Maintaining continuity of care, and managing patients with chronic diseases, has always been a difficult proposition. However, the COVID-19 pandemic has made it even more difficult. Fear of exposure to the virus has led to many patients with chronic and comorbid conditions avoiding care.
To avert care crises and to ensure better continuity of care for our patients who need it most, many primary care practices are adopting fully integrated telehealth platforms like Mend to offer complete, specialist-guided care to at-risk patients as safely as possible.
Many practices have found telehealth empowers primary care physicians to address two major challenges: lapses in care for chronic patients—leading to acute crises—and the increased burden on our health system from sudden waves of high-acuity cases.

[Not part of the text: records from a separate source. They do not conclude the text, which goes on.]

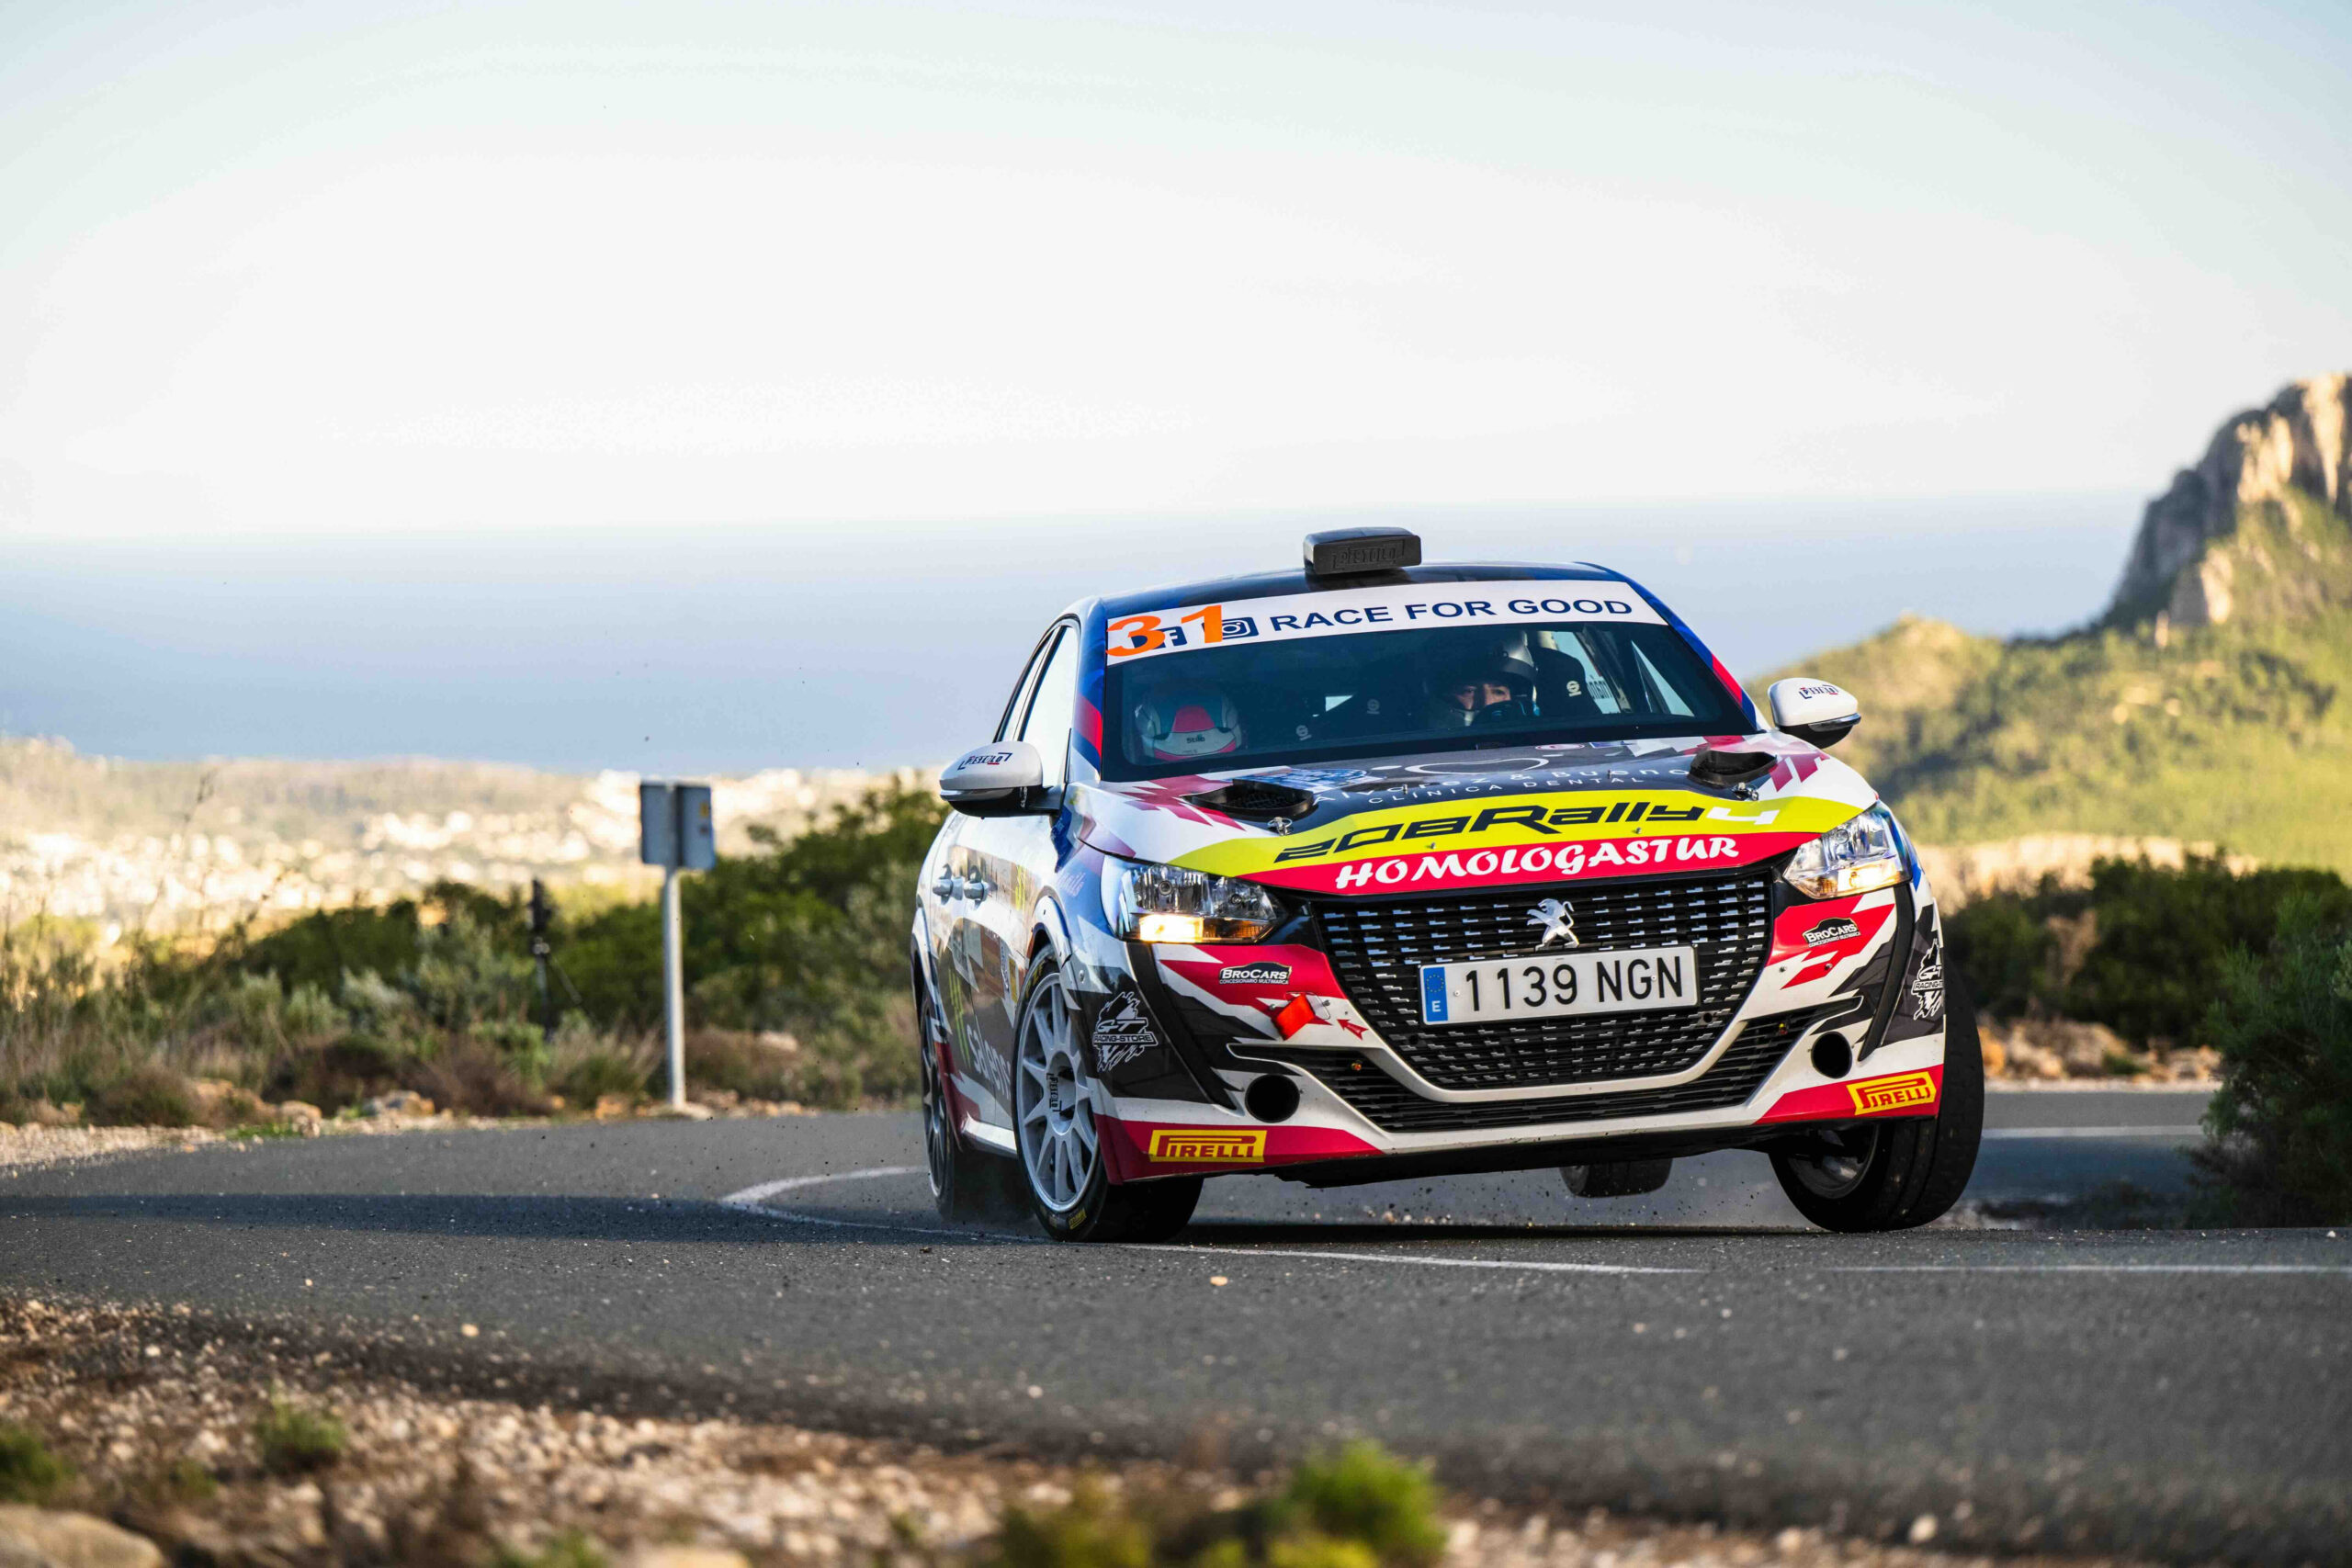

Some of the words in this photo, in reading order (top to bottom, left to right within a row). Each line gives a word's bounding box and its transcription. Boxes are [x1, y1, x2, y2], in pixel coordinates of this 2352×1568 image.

[1105, 604, 1223, 657] 31
[1270, 606, 1394, 631] RACE
[1405, 602, 1498, 619] FOR
[1507, 599, 1633, 615] GOOD
[1522, 777, 1645, 788] DENTAL
[1551, 769, 1690, 778] Bueno
[1335, 837, 1740, 889] HOMOLOGASTUR
[1431, 1000, 1442, 1012] E
[1465, 964, 1577, 1012] 1139
[1596, 956, 1683, 1003] NGN
[1856, 1077, 1931, 1110] PIRELLI
[1156, 1134, 1257, 1157] PIRELLI

Improving Lapses in Care for Chronic Primary Care Patients with Telehealth
Regarding the first challenge, chronic care and comorbid patients are unable to maintain appointments as usual during the pandemic, yet they are still in need of care. These patients often require a care team, including specialist doctors, to engage with patients who are due for a visit or in need of routine care. Maintaining a regular care regimen and enabling these patients to continue interfacing with their care team is key to improving outcomes.
Establishing a telehealth platform allowed primary care providers to proactively care for patients as they track those who fall outside of typical buffers and may be due for an appointment. Through telehealth, PCPs can engage with these patients to ensure they’re keeping up with their care needs.
Diminishing the Burden of Hospitals with Telehealth
Improving access to care in this way helps primary care physicians to avoid the downstream challenge of overburdened hospitals and emergency departments in particular. When patients avoid proactive and non-urgent (but necessary) care, there is an increased burden to both patients and the healthcare system in the long run. By being available for routine care, and by proactively following up with patients, telehealth improves outcomes and reduce the upcoming strain on the healthcare system caused by a wave of patients seeking care that was put off.
Mend specifically assists primary care providers in preventing a backlog of specialty referrals from occurring once these providers are again able to take non-urgent appointments.
Primary Care Providers and Patients are Adopting Telehealth Favorably
With any major shift in how we provide care to our patients, it’s expected that there will be hiccups and speed bumps as both patients and providers adapt to the change. We have found the transition to focusing on telehealth during the COVID-19 pandemic to be surprisingly smooth, with both patients and providers expressing satisfaction with our new telehealth capabilities.
In fact, most patients share resoundingly positive feedback when dealing with telehealth. Patients in need of routine specialty care have been delighted to find that their needs can be met without the need for an in-person appointment. Certainly, many patients will be glad to get back to something approaching normal. But overall, most patients have been blown away by the sheer volume of treatments and care maintenance that can be administered via telemedicine and telehealth.
Providers, meanwhile, are also enjoying providing care via telehealth. Primary care teams as a whole feel empowered by the access to specialist input that is available when partnering with robust telehealth platforms such as Mend. Now, they can address both primary care needs and many specialty care needs that are absolutely crucial for our chronic and comorbid patients. Furthermore, telehealth quite simply enables primary care practices to remain in operation at a much higher capacity than would be possible otherwise. Many primary care offices have been forced to furlough employees, making it even more difficult for non-coronavirus patients to receive care, but adopting a telehealth platform has enabled many offices to retain our team members and continue to serve patients.
As the coronavirus pandemic set in, many patients began to forgo care, believing that lockdowns and social distancing requirements would be a temporary blip. However, as weeks have turned to months, patients are realizing that this crisis represents a new normal and that they will still need to seek care in the interim. Primary care practices that have implemented telehealth have found that they can provide ongoing care that would otherwise be impossible, improve outcomes for chronic patients, and continue to work at what they do best — serving their patients.